▶ Task directions:
The entries are to be output word for word, with the pictures omitted.

[Saved data entries]
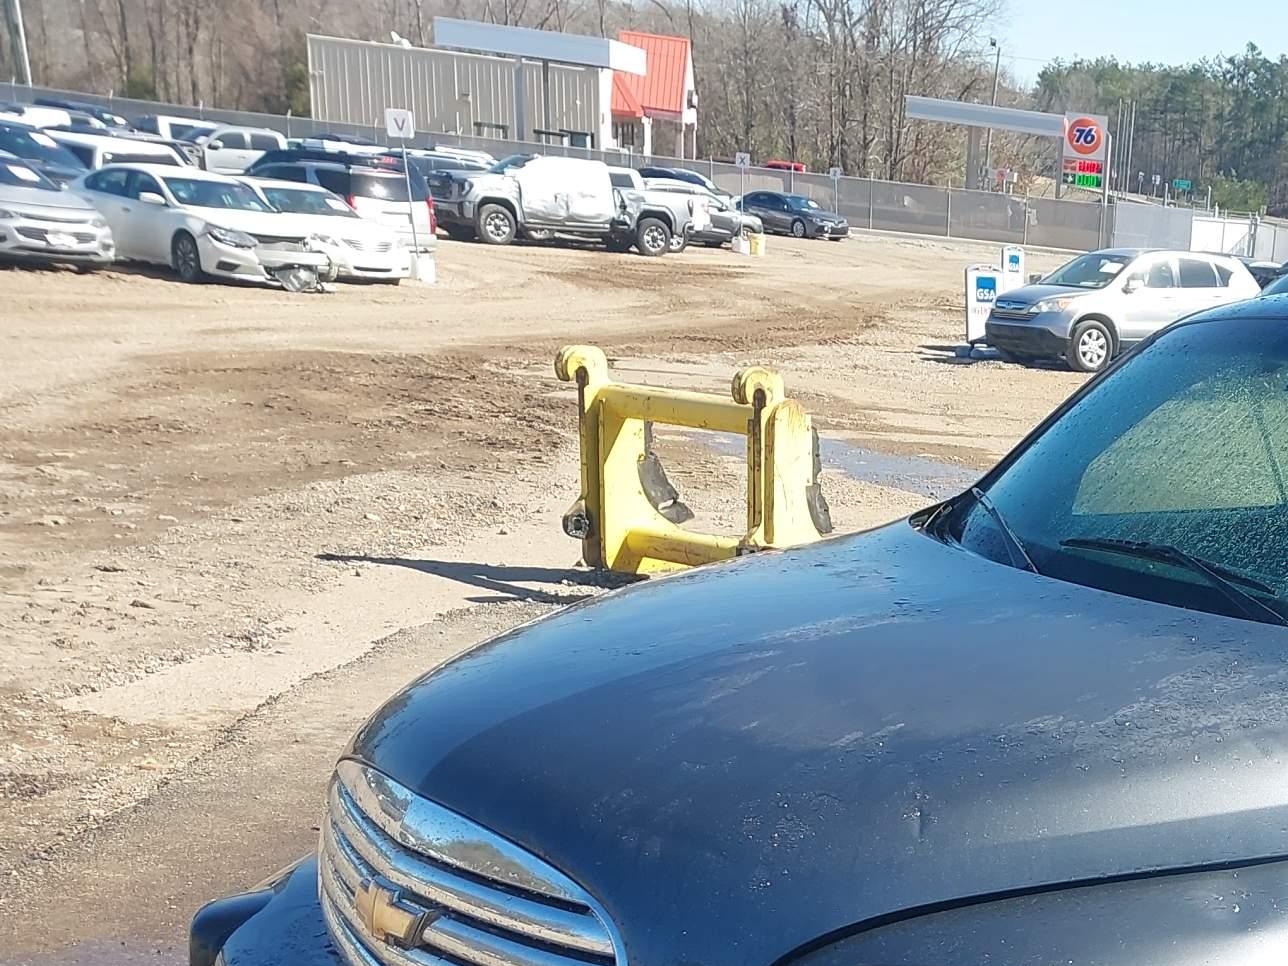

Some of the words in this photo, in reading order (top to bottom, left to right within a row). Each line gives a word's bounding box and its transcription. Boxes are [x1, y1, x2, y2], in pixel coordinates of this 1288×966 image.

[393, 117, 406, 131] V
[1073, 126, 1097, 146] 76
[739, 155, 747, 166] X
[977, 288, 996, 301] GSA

▶ Written answer:
Some of the words in this photo, in reading order (top to bottom, left to right within a row). Each line gives a word's bounding box and its transcription. Boxes are [x1, y1, x2, y2], in pixel coordinates of this 1288×966 image.

[393, 117, 406, 131] V
[1073, 126, 1097, 146] 76
[739, 155, 747, 166] X
[977, 288, 996, 301] GSA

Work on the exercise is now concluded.